36 tentativas de femicídio

 

2014

43 femicídios

49 tentativas de femicídio

 

2015

29 femicídios

39 tentativas de femicídio

 

2016

22 femicídios

31 tentativas de femicídio

 

2017

20 femicídios

28 tentativas de femicídio

 

2018

24 femicídios

 

2019

12 femicídios

 

O atual Governo de Costa tomou posse em novembro de 2015. No primeiro ano em funções, 2016, o número de femicídios baixou (de 29 para 22) em comparação com o ano anterior, tal como o número de tentativas de femicídio. A partir da definição de femicídio, devemos ressalvar que nem todos os femicídios são enquadráveis no contexto de violência doméstica. Mas são estes dados da UMAR que as próprias autoridades utilizam – na maior parte das vezes – para analisar o fenómeno da violência doméstica.

Prosseguindo, em 2017 registou-se o número mais baixo de femicídios da presente década, 20 mulheres assassinadas, menos de metade das 43 que foram mortas em 2014. Ou seja, nos dois primeiros anos do atual Governo, o número de femicídios baixou substancialmente. Em 2018 voltou a subir para 24 casos e nos primeiros meses de 2019 mantém um ritmo acelerado, já com 12 femicídios. É inegável que o número de casos voltou a aumentar em 2018 e 2019, mas ainda assim continua distante dos números registados entre 2011 e 2015.

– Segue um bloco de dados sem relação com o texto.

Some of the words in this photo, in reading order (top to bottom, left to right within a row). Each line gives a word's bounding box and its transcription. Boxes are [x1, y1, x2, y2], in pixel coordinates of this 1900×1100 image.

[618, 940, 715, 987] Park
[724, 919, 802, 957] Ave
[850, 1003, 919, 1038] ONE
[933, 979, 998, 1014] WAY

No limite, o Governo em funções é sempre responsável por qualquer evolução (positiva ou negativa) destes números, embora a publicação em análise não fundamente essa responsabilidade com factos concretos. É uma responsabilidade no abstrato que se aceita, no âmbito de uma interpretação subjetiva. Mas o facto é que não detetamos iniciativas do atual Governo que possam ter contribuído para esse aumento dos casos de violência doméstica em 2018 e no início de 2019, a não ser numa perspetiva de inação que parece ser o argumento central da publicação. Pelo contrário, detetamos várias iniciativas do actual Governo no sentido, precisamente, de combater e prevenir o fenómeno da violência doméstica. Mas essa apreciação no global acaba por ser demasiado subjetiva e não permite chegar a uma conclusão segura.

O mesmo não se aplica ao suposto “aumento brutal” dos casos de violência doméstica. Os números da UMAR são claros: o número de femicídios baixou substancialmente na presente legislatura, em comparação com a anterior, mesmo tendo em conta o mais recente aumento em 2018 e no início de 2019. Aliás, repita-se, em 2017 registou-se o número mais baixo de femicídios da presente década. Pelo que a publicação em análise difunde uma ideia falsa (ou extrapolada e descontextualizada), gerando assim desinformação.